Amalfi is a continuous call for tourists from all over the world, who thirsty of light and beauty, find the place in a perennial spring. The chromatic tonalities make the sea incomparable. In this angle of authentic terrestrial heaven, the history and the legends create an inseparable whole.

According to tradition Ercole, the pagan God of strength, loved a nymph named Amalfi: but their love was brief: she died and Ercole wanted to give her burial in the most beautiful place in the world and to immortalize giving her the name to the city he built.

For an historical point of view Amalfi was founded after the death of Costantino;  it draws its origins from the Roman families that embarked from Constantinople, they were crushed by the storm in the gulf of Policastro, they founded «Melphes» the actual Melfi, transferred then to north, they took abode in the place where it is now the actual Amalfi, founding it with the name of «Á.-Melphes».

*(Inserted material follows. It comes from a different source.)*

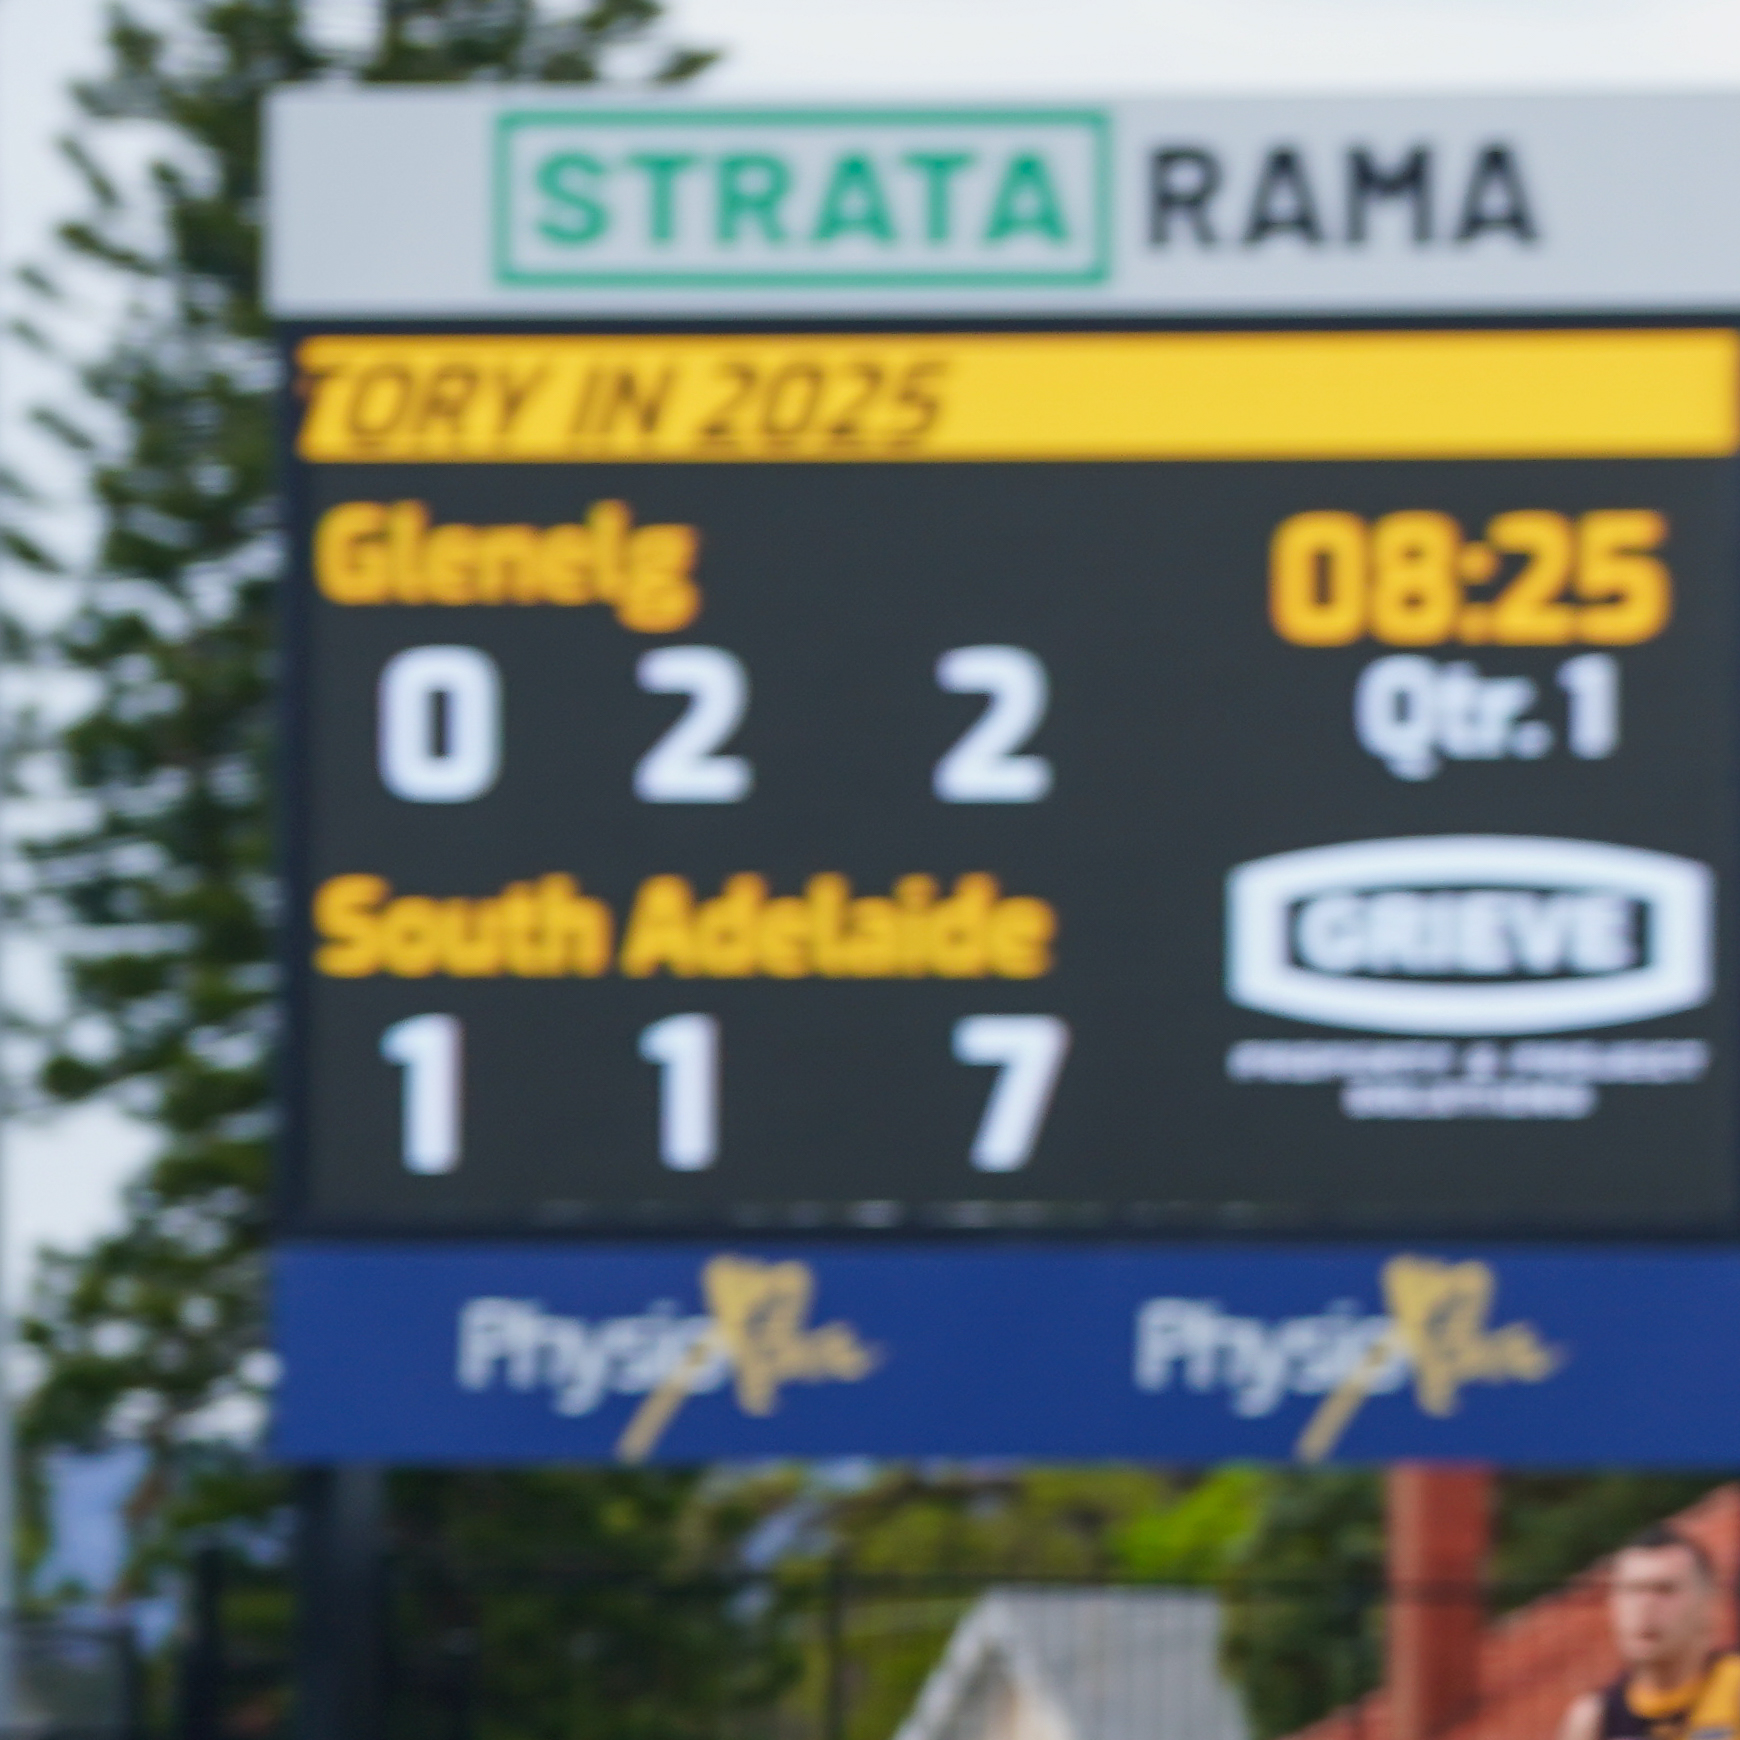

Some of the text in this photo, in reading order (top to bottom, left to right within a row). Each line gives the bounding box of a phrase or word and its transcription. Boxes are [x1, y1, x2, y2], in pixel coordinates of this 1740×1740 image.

From 533, up to the time of the Greek-Gothic war, when with the victory of Narsete on Teia, Amalfi passed under the dominion of the Byzantine Empire and became part of the Dukedom in Naples In the VI century it became an Episcopalian center. The Bishop acquitted religious functions and handled the defense of the city. Subsequently an aristocracy of great land owners was established, which deprived the Bishop of his political power.

In 836 Sicardo, duke of Benevento, ransacked Amalfi deporting its inhabitants to Salerno. In 839 the duke Sicardo was killed, the Amalfitanis had rebelled against him and had obtained power and autonomy that lasted up to the end of the XI century.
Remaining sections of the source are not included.